Può darsi, come dicono alcuni analisti, che questa nuova fase della guerra in Medioriente, che ha visto la decapitazione di Hezbollah, si evolva verso un indebolimento dell Iran, della sua credibilità e deterrenza.

Ma se le cose andassero così, e non è detto vista la resilienza dell’ organizzazione eterarchica di Hezbollah, si aprirebbe ulteriore spazio all’iniziativa della concorrente Turchia.

 Erdogan, oltre ad aver interrotto i rapporti commerciali con Israele per proporsi come campione della causa palestinese, ha elaborato insieme all’Iraq, il Quatar e gli Emirati un corridoio logistico antagonista alla IMEC “Via del Cotone”.

La Turchia ha fatto sapere di non essere disposta a rinunziare al suo ruolo storico e strategico di collegamento tra l’ Europa e l’ Oriente medio e lontano, e si è mossa conseguentemente con un progetto infrastrutturale diverso, cui l’ India può ugualmente collegarsi proficuamente.

(il testo prosegue dopo l' immagine)

Si tratta del  progetto turco-iracheno della “Strategic Development Road” di cui si è firmato l’ accordo a Bagdad il 27 maggio 2023 (4 mesi prima del lancio della Via del Cotone al G20 di Delhi) che si estende per 1.200 chilometri attraverso l’Iraq e che mira a collegare la Turchia alle coste del Golfo Persico nel sud dell’Iraq entro il 2030.  Una joint venture recentemente creata tra la società emiratina Ad Ports Group e la General Company for Ports of Iraq è stata incaricata dello sviluppo del porto di Al-Faw nel sud dell’Iraq  e della sua “zona economica speciale” entro il 2025.

Il progetto prevede anche la realizzazione di una rete ferroviaria che colleghi il porto di Al-Faw con il porto di Mersin in Turchia, collegandosi così anche al Trans-Caspian International Transport Route (TITR), detto anche “Middle Corridor” delle Nuove Vie della Seta in cui il traffico commerciale è già notevole e in crescita. 

Come si vede sono tutti corridoi logistici che passano nell’ area nera delle mappe di Netanyahu, cioè vie di commercio soggette all’ “Asse del Male”, come dice il premier israeliano che si considera invece il Bene, cioè negli artigli del Dragone secondo la narrazione americana: pertanto da ostacolare in ogni modo. 

Invece, come rileva il bollettino 7/24 dell’ AIOM di Trieste il volume del trasporto merci lungo la Trans Caspian International Transport Route (TITR) nel 2023 è aumentato del 86% e nel 2024 è previsto un ulteriore aumento del 19% (fermo restando il trend dei primi 6 mesi).
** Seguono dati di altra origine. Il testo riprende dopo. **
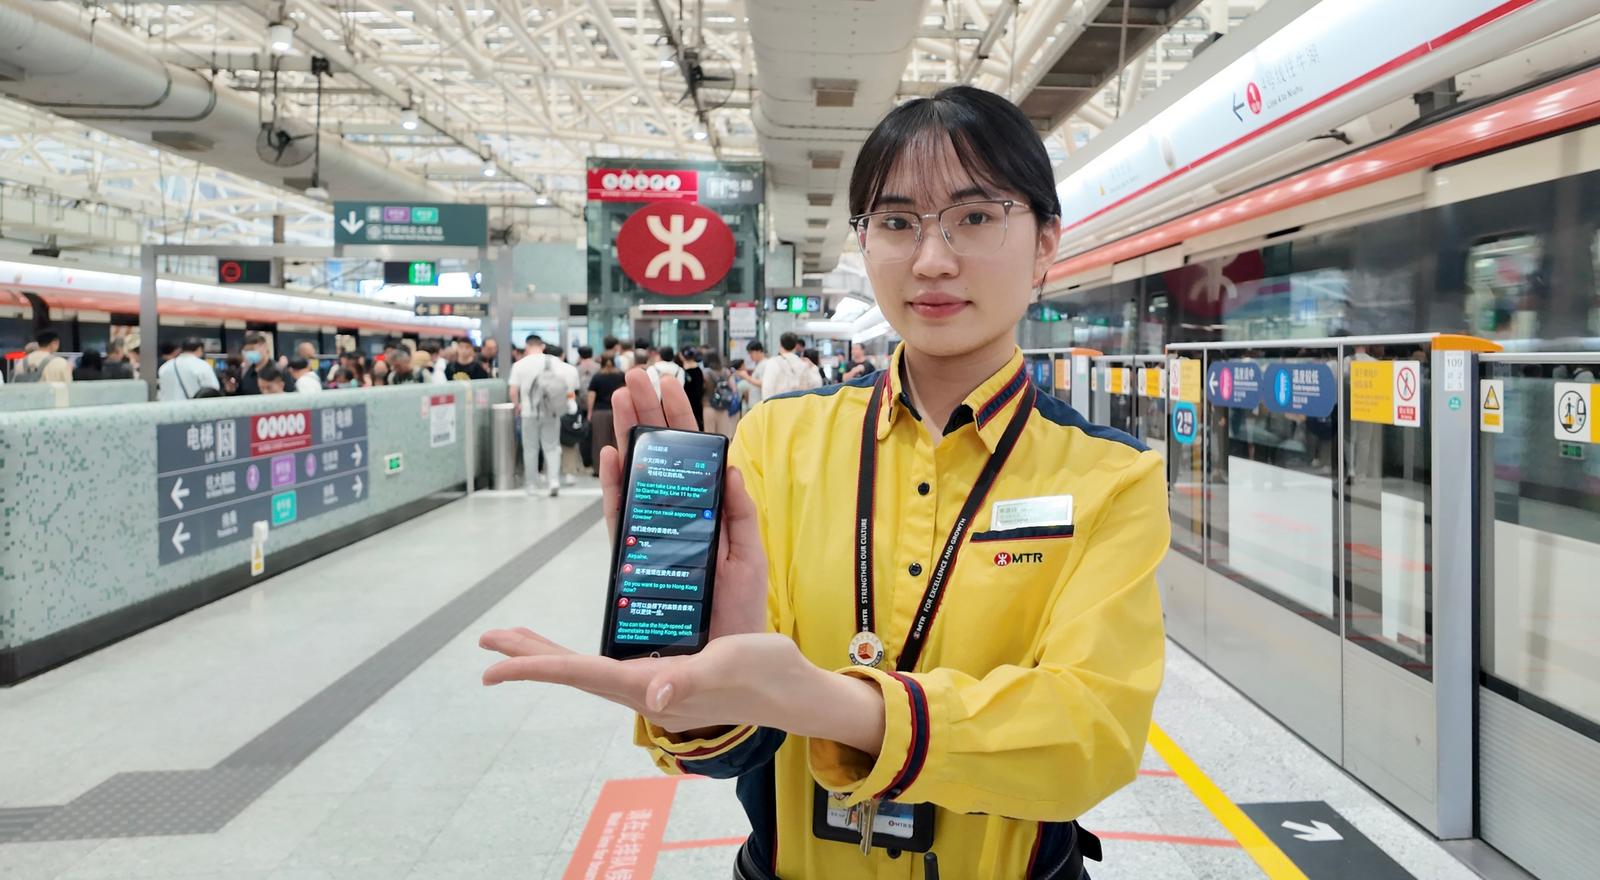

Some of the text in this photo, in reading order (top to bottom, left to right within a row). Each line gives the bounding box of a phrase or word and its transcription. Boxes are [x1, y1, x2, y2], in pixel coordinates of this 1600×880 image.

[1447, 358, 1462, 368] 109
[1177, 411, 1183, 434] 2
[187, 422, 214, 450] 电梯
[1012, 552, 1043, 563] MTR
[916, 518, 966, 632] MTR FOR EXCELLENCE AND GROWTH
Questa rotta dimezza i tempi di percorrenza tra il confine occidentale della Cina e l’Europa, e in 15 giorni potrà collegare l’Europa e l’Asia centrale.

L’ aumento del traffico su questo corridoio logistico è dovuto alle modificazioni dovute prima alla Guerra in Ucraina, e alle sanzioni relative, e poi al blocco del canale di Suez conseguenza della guerra a Gaza.

Punto nevralgico di questa sorta di rivoluzione infrastrutturale, lungo l’asse Europa-Asia, è il Kazakhstan, dal momento che lo stato asiatico estende la propria rilevanza dal confine con la Cina fino al Mar Caspio. Ed è proprio con il Kazakhstan che la Cina ha lanciato una nuova fase di relazioni che lega Zhengzhou, Urumqi e Khorgos in Cina, al porto di Kuryk e Aktau in Kazakhstan, dove i camion cinesi vengono imbarcati su navi dirette in Azerbaigian dall’altra parte del Mar Caspio, con destinazione finale la Turchia.
E da qui i semirimorchi ro-ro possono imbarcarsi per raggiungere Trieste e l’ Europa lungo l’ Autostrada del Mare ormai consolidata da decenni e in crescita. 

Comparando i due progetti si vede chiaramente che quello turco prevede l’inserimento nel territorio iracheno abitato (l’antica Mesopotamia) di treni ad alta velocità, lo sviluppo di centri industriali ed energetici locali, compresi oleodotti e gasdotti, e la costruzione di oltre 1.200 chilometri di ferrovie e superstrade, che collegheranno l’Iraq con i paesi vicini.  Mentre quello americano-israeliano della IMEC prevede ferrovie lunghe il doppio in un territorio desertico semidisabitato.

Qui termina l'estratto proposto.